Por Kevin Alcaraz
Érase una vez, una bella y menemista niña apasionada por los caballos, que, tras no tener aparentes oportunidades de reclamar el trono al no ser nieta del hijo primogénito del rey en turno, pronto su suerte cambiaría por completo cuando su tío abdicó su derecho para casarse con una chica estadounidense divorciada; por lo que ahora la pequeña Lilibet se sabía como próxima heredera de la corona a los diez años de edad. Aunque, nunca imaginó que solo quince años después emprendería la campaña de reinado más extensa que la humanidad haya visto.
Pues bien, la Navidad de 1951, la familia real británica celebraba las que con toda seguridad serían las últimas fiestas decembrinas con el rey Jorge VI, quien para entonces ya arrastraba con el fugaz deterioro de su salud a causa de un cáncer de pulmón. De hecho, su hija Elizabeth Alexandra Mary ya le había reemplazado en varias oportunidades en algunas funciones estatales y religiosas algunos meses atrás.
Para inicios del siguiente año, Elizabeth, su esposo Felipe y sus agendas se debían a una extensa gira ¨diplomática ¨internacional en la que pasarían por países africanos y asiáticos. Sin embargo, el 6 de febrero, durante la escala en Kenia, tuvieron que volver de inmediato a tierras inglesas ante la mediática y previsible muerte del rey.

Si bien la noticia no sorprendió a nadie, sí que se alzaban las dudas sobre la heredera al trono, quien con solo 25 años de edad se convertiría en la sexta –y, con creces, la más célebre- monarca del Reino Unido y la Mancomunidad de Naciones.
Pese a que, protocolariamente se debía guardar un luto ante el fallecimiento de un monarca, la primera reunión de la Comisión de la Coronación fue solo un par de meses después de su deceso. Incluso, la sucesión al trono fue proclamada en un Consejo de Adhesión en breve, confirmando así el nombre real de su majestad: Elizabeth II.
Esperando por la coronación oficial –programada hasta verano del siguiente año- la reina asistió a su primera apertura del parlamento hasta noviembre de 1952, en el que leyó y firmó la Declaración de Adhesión, para luego ofrecer su primer discurso como monarca ante el mismo parlamento.

Una vez se guardó el suficiente luto, el 2 de junio de 1953 se dio el evento pilar de la televisión internacional -aún a expensas de Winston Churchill-: la suma gobernante de la Iglesia de Inglaterra convocaba a cuanto mandatario de la Commonwealth le viniera a la mente, para atestiguar la colocación de la Corona de San Eduardo sobre su rubia cabeza.
Aunque ningún Estado extranjero intervino formalmente en la organización de la ceremonia -ya que se consideraba un rito religioso de la Gran Bretaña-, sí que movilizó una multitud de gobiernos y villamelones, quienes no dejaron pasar semejante oportunidad diplomática para fortalecer sus puestos políticos.

“Sirs, I here present unto you Queen Elizabeth, your undoubted Queen: wherefore all you who are come this day to do your homage and service.”
Incluso, cuando Elizabeth II arribó a la Abadía de Westminster al ritmo de Zadok the priest y I was glad, se le vio portando un vestido ofensivamente hermoso de seda blanca con emblemas florales de cada comunidad periférica a la corona: la Rosa Tudor de Inglaterra, el cardo de Escocia, el puerro de Gales, el trébol irlandés de Irlanda del Norte, la acacia de Australia, la hoja de arce de Canadá, el helecho plateado de Nueva Zelanda, la protea rey de Sudáfrica, dos flores de loto de la India, entre muchos otros arreglos.
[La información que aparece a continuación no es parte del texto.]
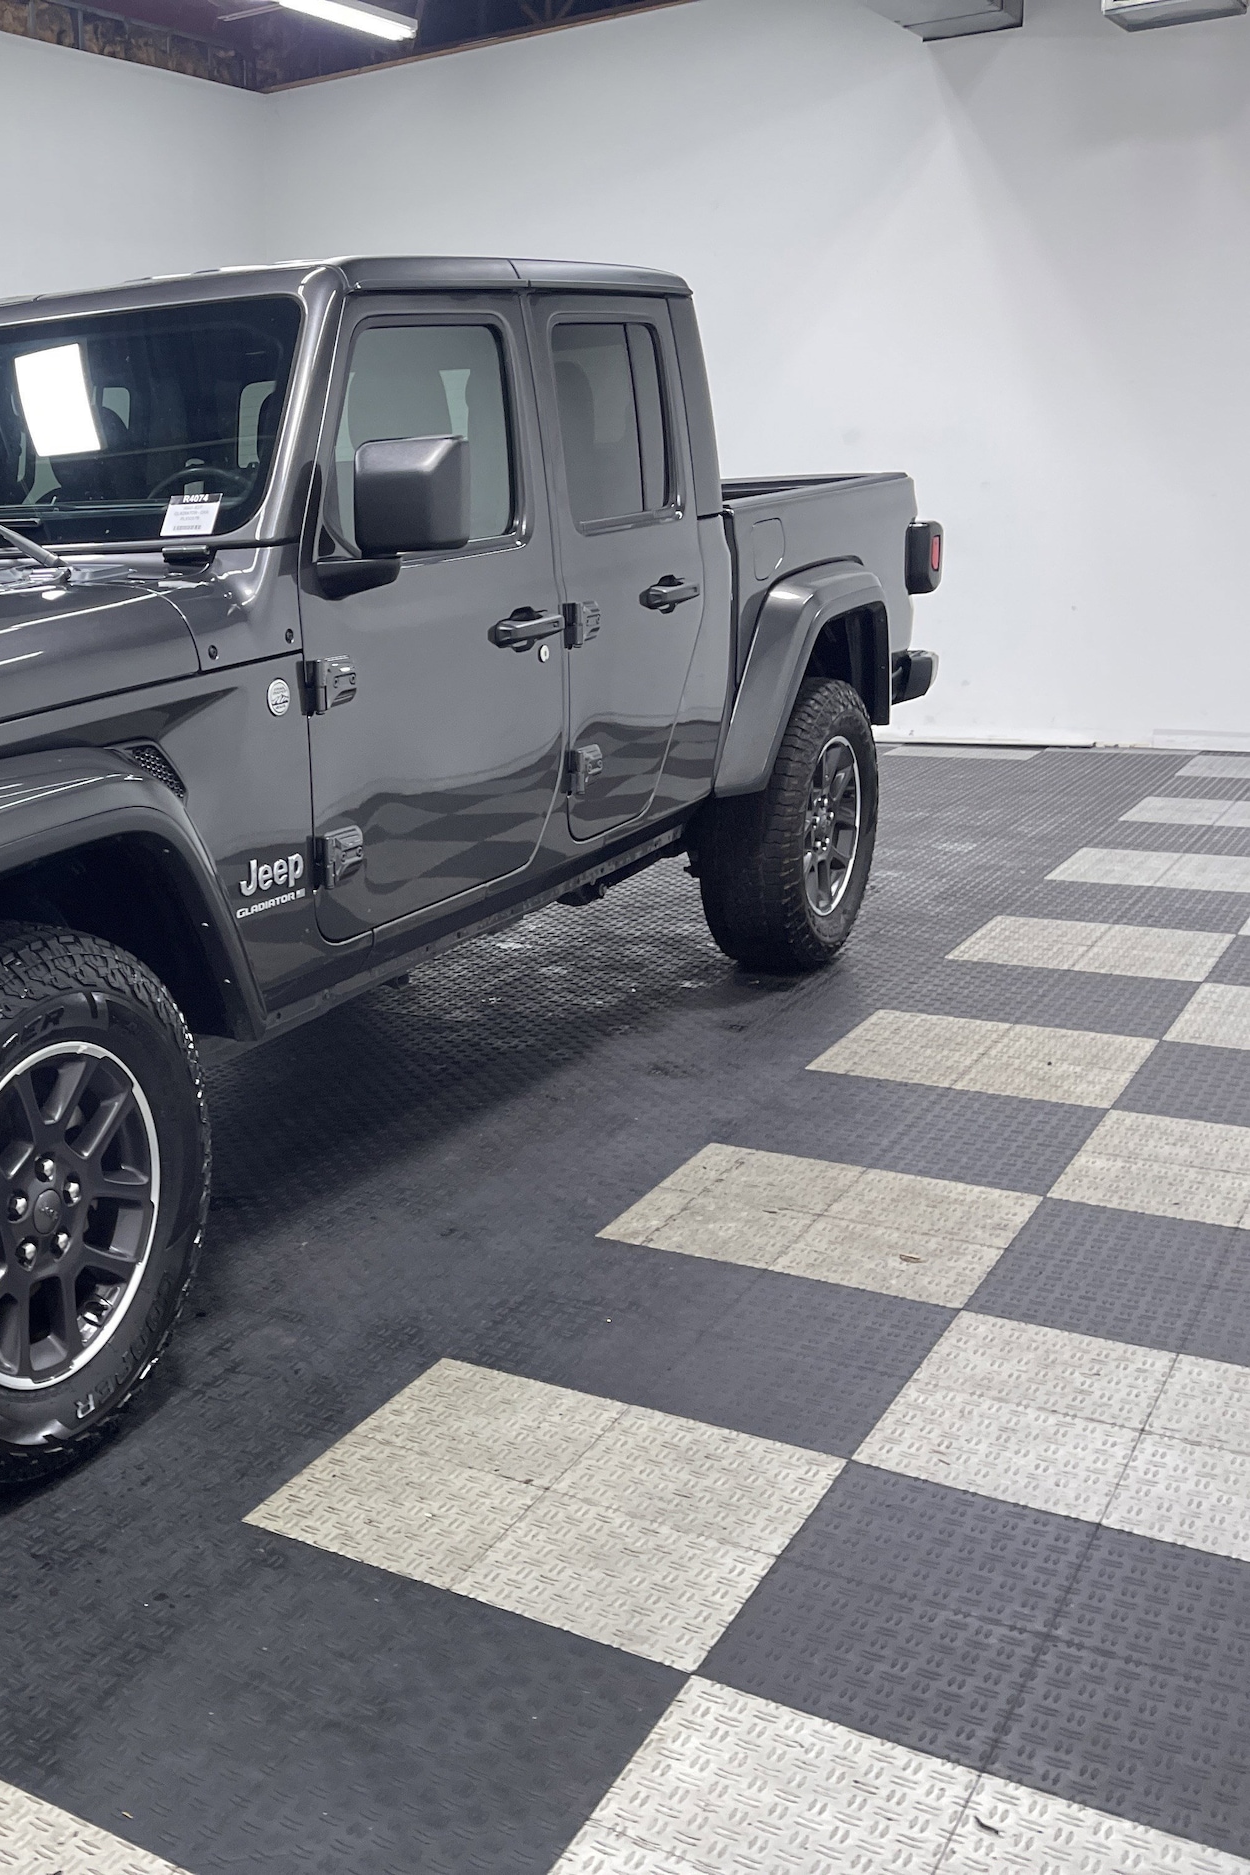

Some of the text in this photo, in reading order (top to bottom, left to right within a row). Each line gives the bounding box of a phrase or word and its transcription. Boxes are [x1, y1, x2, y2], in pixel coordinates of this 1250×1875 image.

[183, 494, 209, 502] R4074
[239, 853, 304, 896] Jeep
[236, 891, 296, 919] GLADIATOR
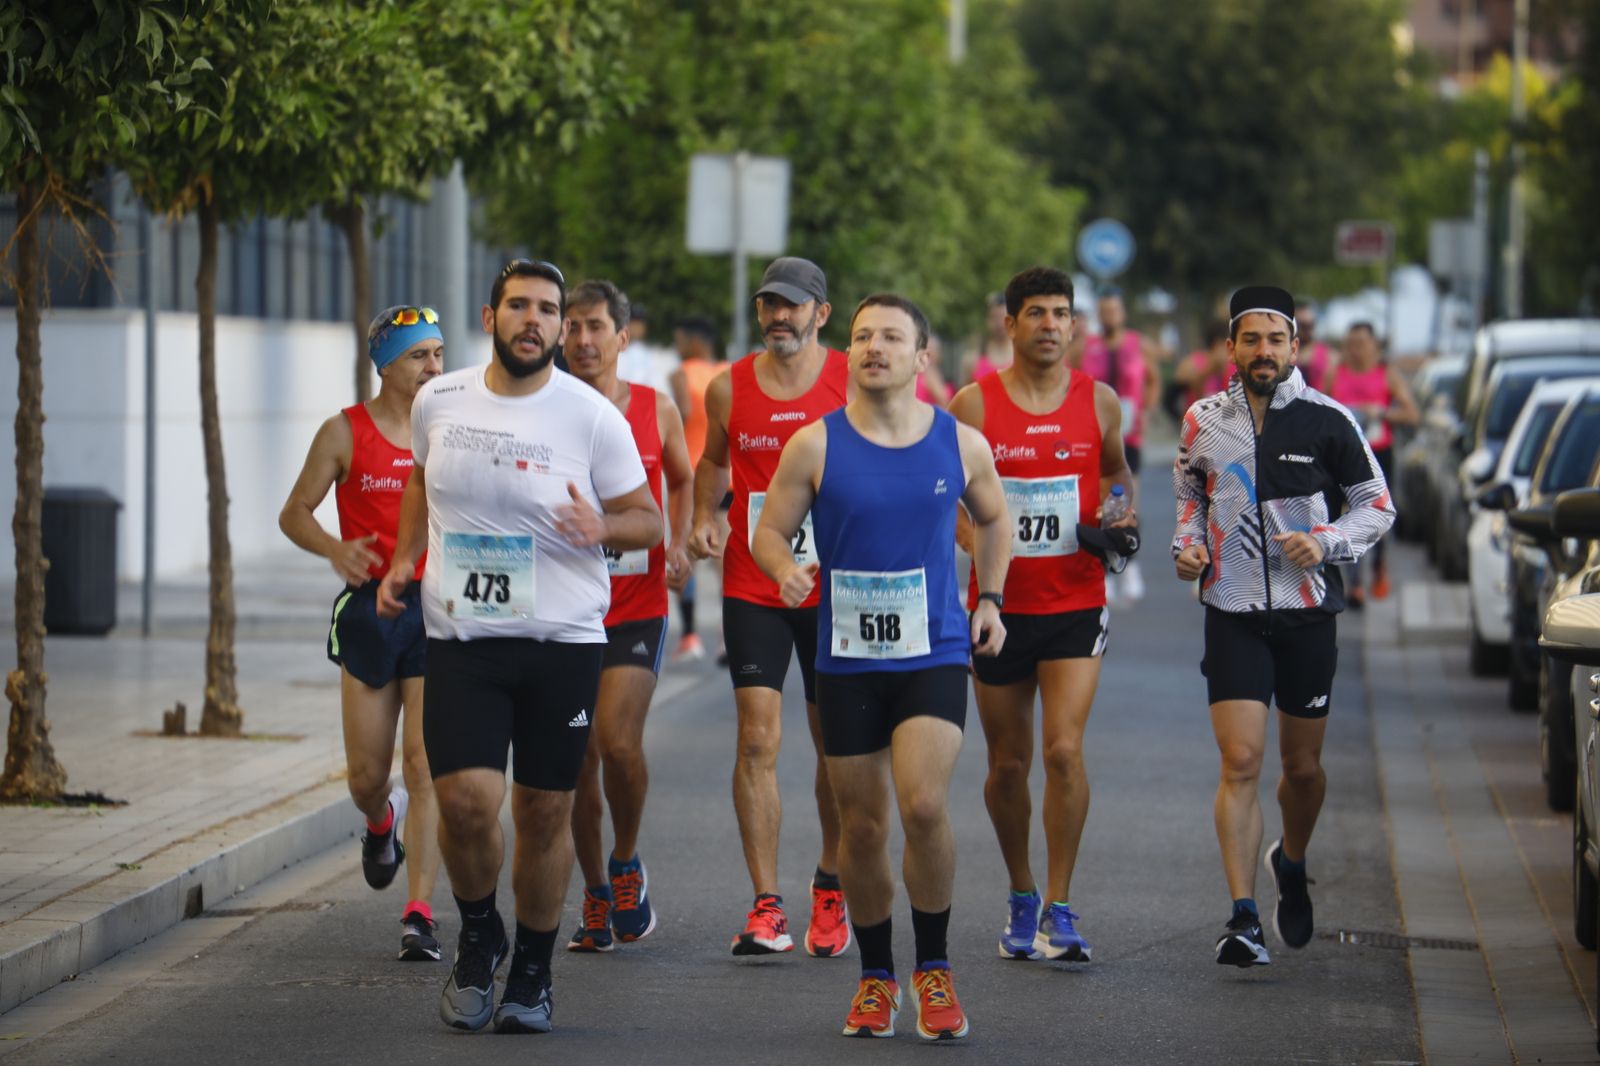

En fin, toda una cátedra de supeditación.
Además, y al margen del inmenso impacto que tuvo la ceremonia -la cual costó 1.57 millones de libras, lo que hoy serían unos 44 millones de dólares-, esta trajo de igual forma la impresión nuevos robles a través de toda la Mancomunidad de Naciones llamados Royal Oaks.

Vale la pena recordar que la misión de la reina tras su coronación -servir como encarnación de los valores cristianos tradicionales-, aunque simple en su concepción, fue puesta a prueba apenas un par de años después con la crisis de Suez, a la que siguieron una interminable e infame lista de controversias durante su reinado que seguramente merecen su propio artículo.
Sin embargo, con su reciente deceso, y a través de los siguientes años, resultará más factible dar con más asertividad al balance final alrededor de la figura de Elizabeth II. Más, lo que hoy es innegable es que su inagotable carisma cargo en vida con el peso de la polémica, de una profunda división afectiva entre su pueblo, y con el hecho de ser la figura ornamental más costosa que los libros de historia han podido registrar.